START Supplied data

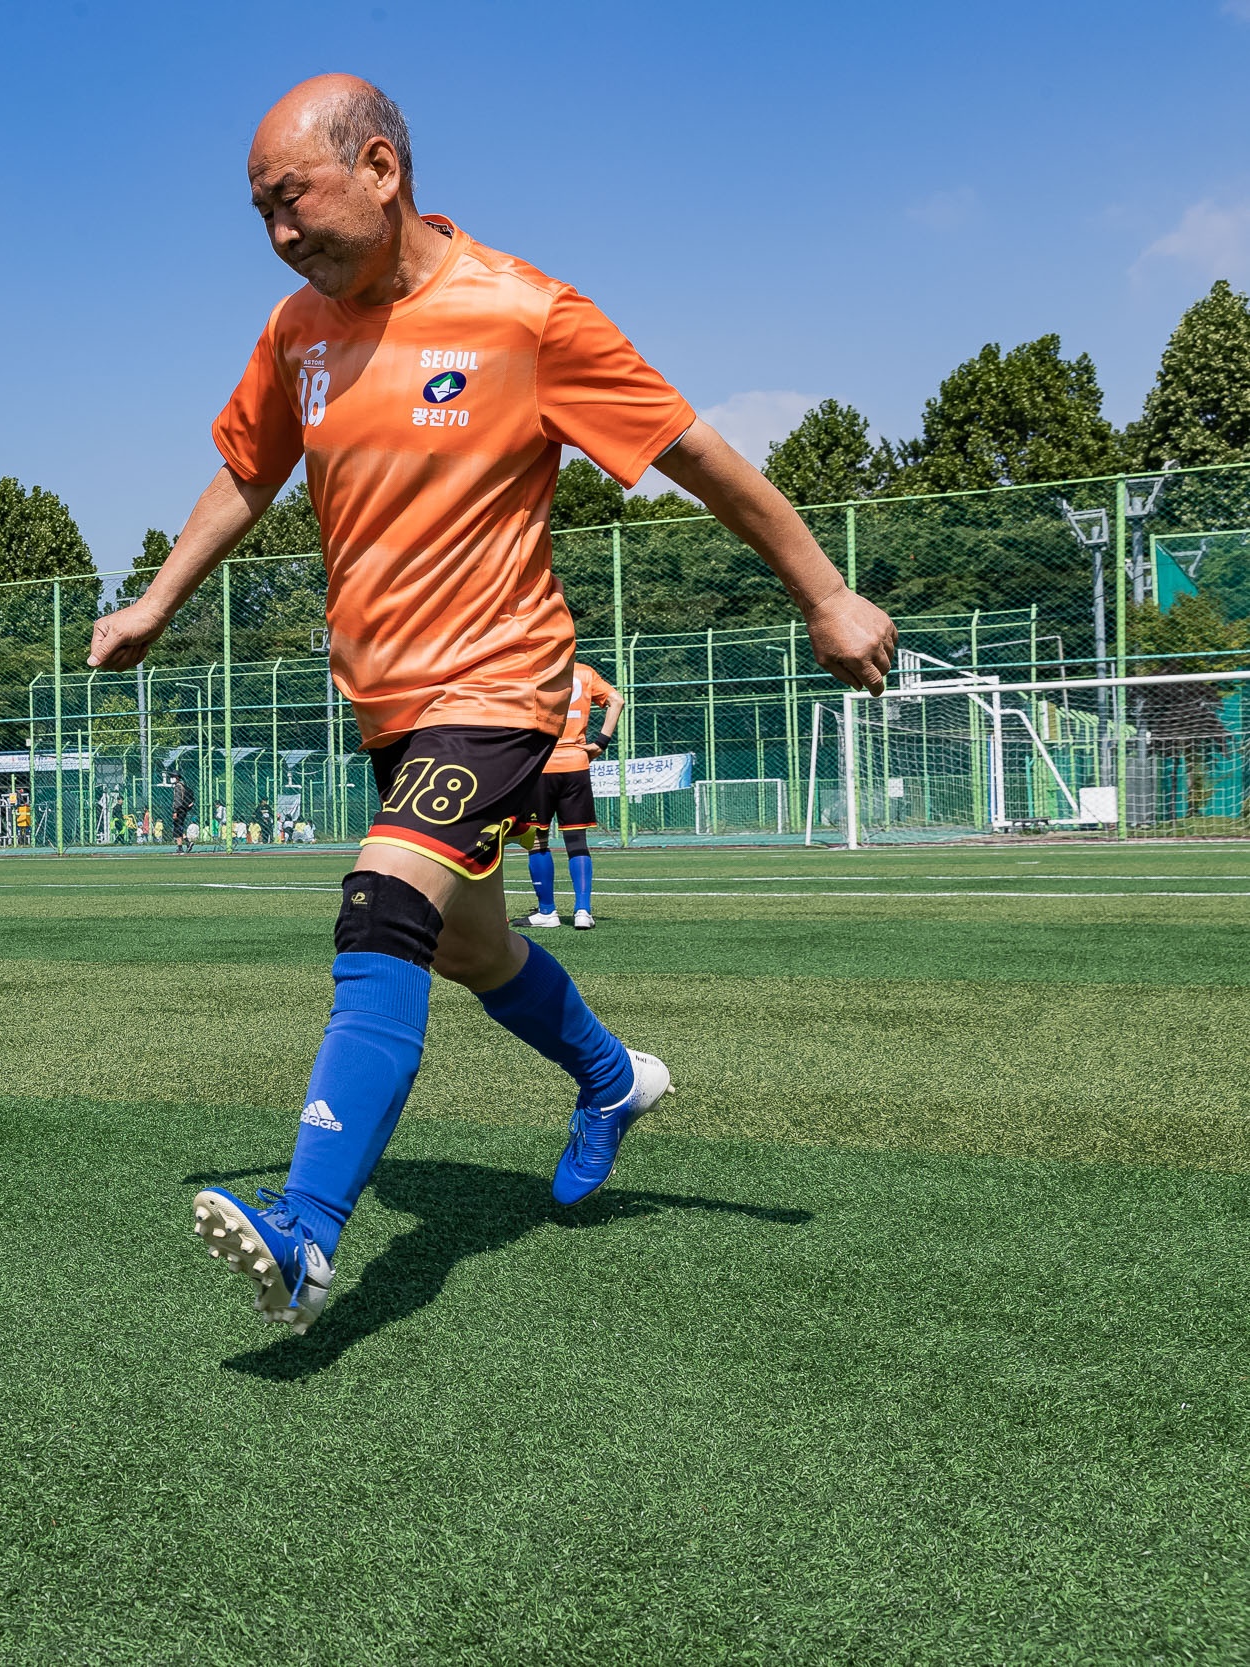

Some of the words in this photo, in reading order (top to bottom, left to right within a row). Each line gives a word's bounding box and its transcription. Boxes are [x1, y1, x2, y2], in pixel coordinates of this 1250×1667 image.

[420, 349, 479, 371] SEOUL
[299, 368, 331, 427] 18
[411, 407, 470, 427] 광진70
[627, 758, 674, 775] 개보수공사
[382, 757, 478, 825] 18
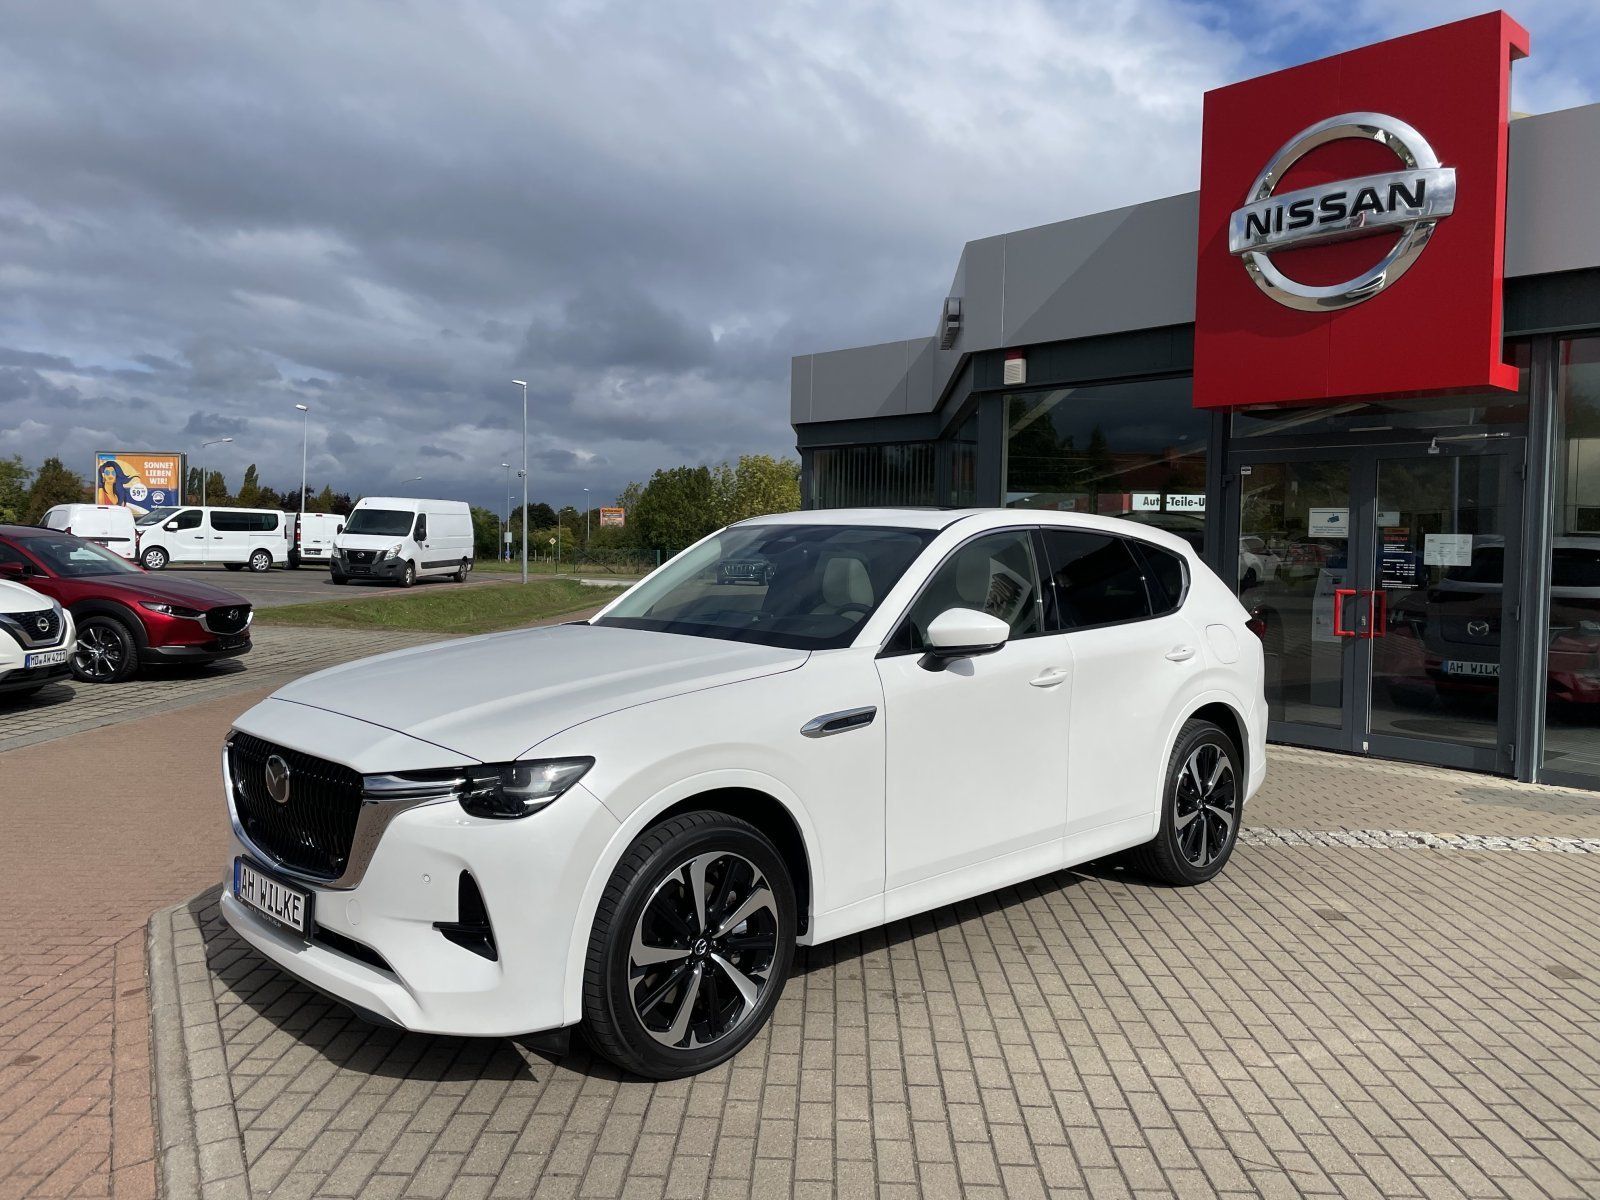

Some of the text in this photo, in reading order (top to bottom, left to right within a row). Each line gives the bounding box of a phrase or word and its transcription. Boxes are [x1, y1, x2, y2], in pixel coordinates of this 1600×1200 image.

END Supplied data
START Supplied data

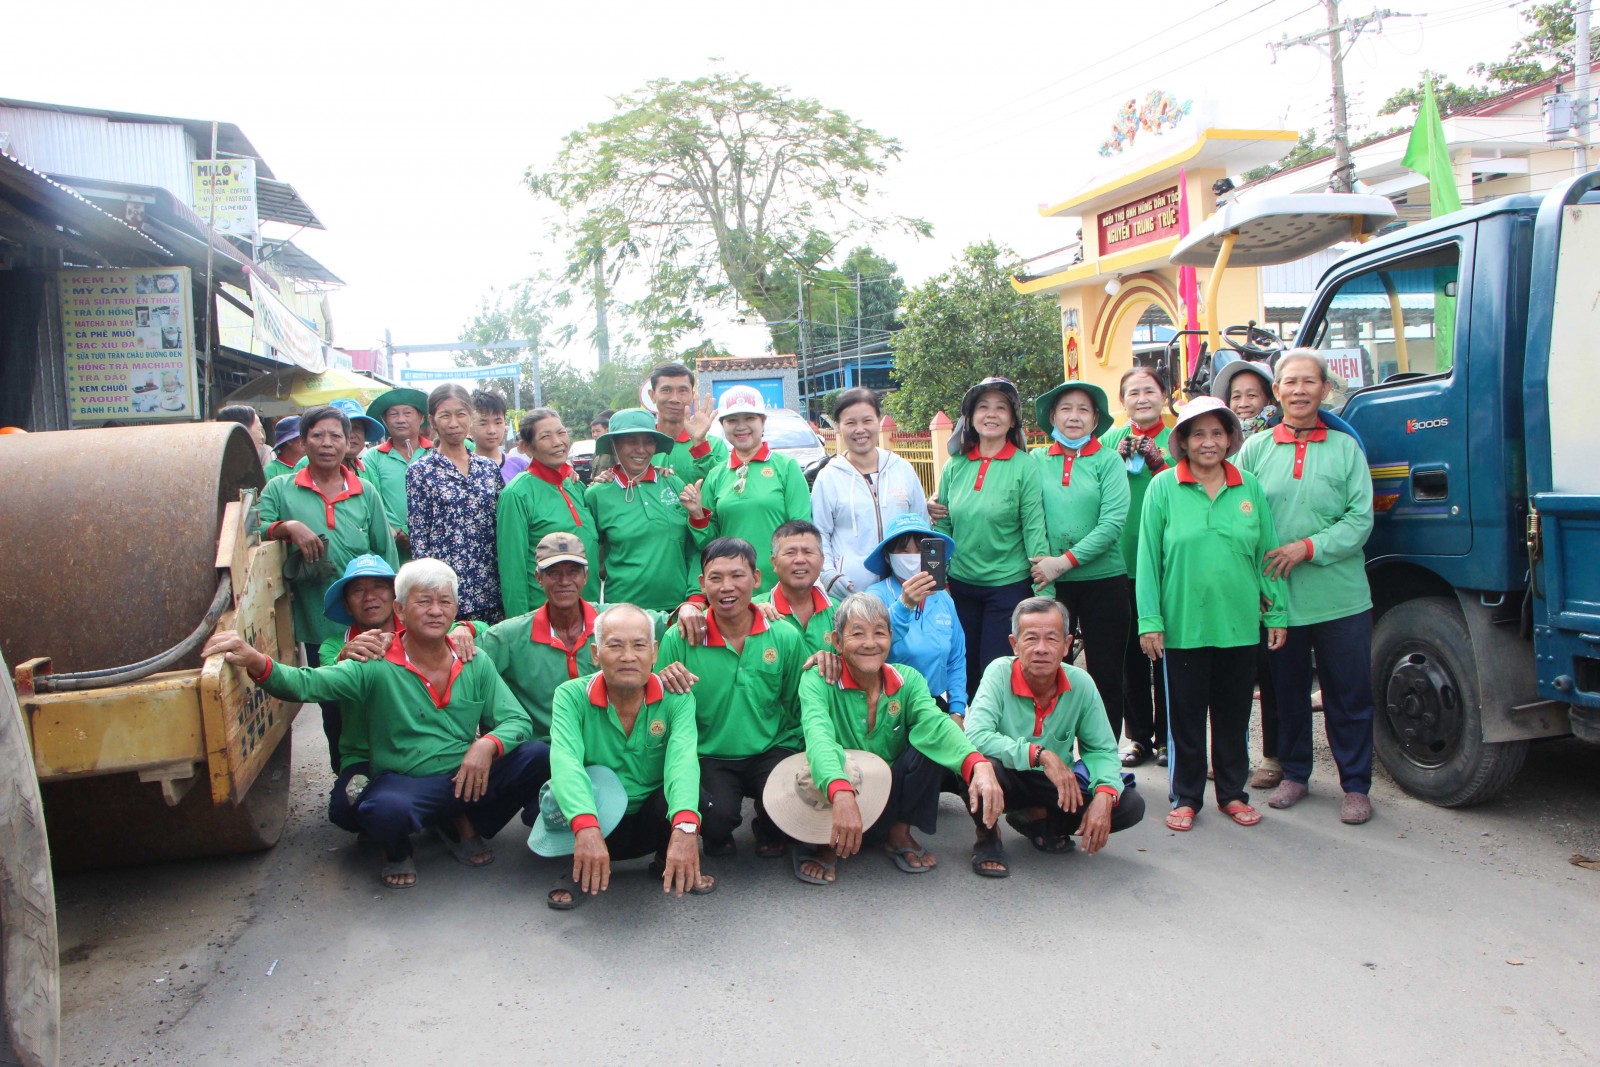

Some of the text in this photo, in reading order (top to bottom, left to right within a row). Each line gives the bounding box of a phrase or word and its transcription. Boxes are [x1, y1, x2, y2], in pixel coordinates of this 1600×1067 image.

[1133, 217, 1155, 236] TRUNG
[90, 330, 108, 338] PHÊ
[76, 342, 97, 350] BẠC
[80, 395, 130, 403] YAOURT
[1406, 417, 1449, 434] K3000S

END Supplied data
START Supplied data

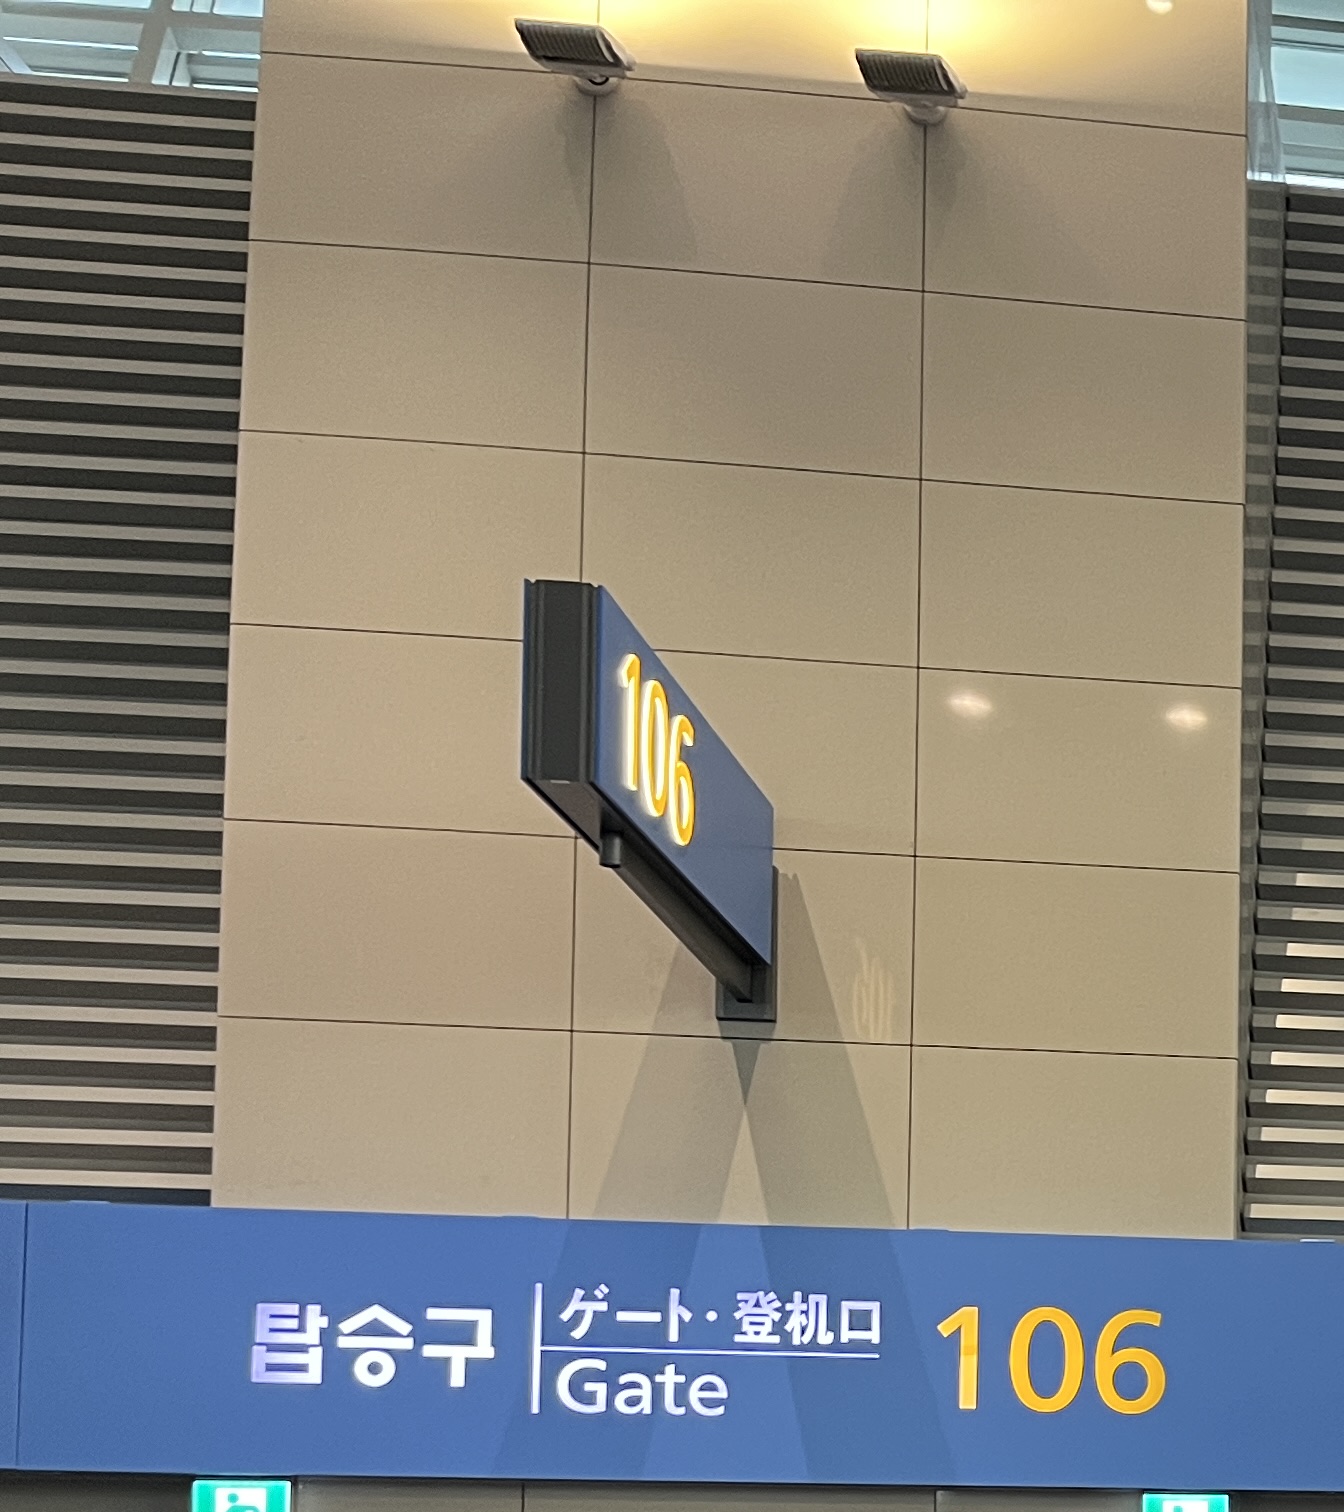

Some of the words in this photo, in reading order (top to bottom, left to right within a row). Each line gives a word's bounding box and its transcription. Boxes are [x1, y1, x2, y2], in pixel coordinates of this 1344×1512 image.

END Supplied data

What is needed: What you return must match the lines above from the one with "this 1250×1667 image." through the one with "this 1600×1200 image." exactly, with both ends included and the pictures excluded.

Response area:
Some of the words in this photo, in reading order (top to bottom, left to right within a row). Each line gives a word's bounding box and its transcription. Boxes are [x1, y1, x2, y2], in pixel coordinates of this 1250×1667 image.

[420, 349, 479, 371] SEOUL
[299, 368, 331, 427] 18
[411, 407, 470, 427] 광진70
[627, 758, 674, 775] 개보수공사
[382, 757, 478, 825] 18

Some of the text in this photo, in reading order (top to bottom, left to right within a row). Each line gives the bounding box of a phrase or word and its transcription. Boxes are [x1, y1, x2, y2], in pixel coordinates of this 1600×1200 image.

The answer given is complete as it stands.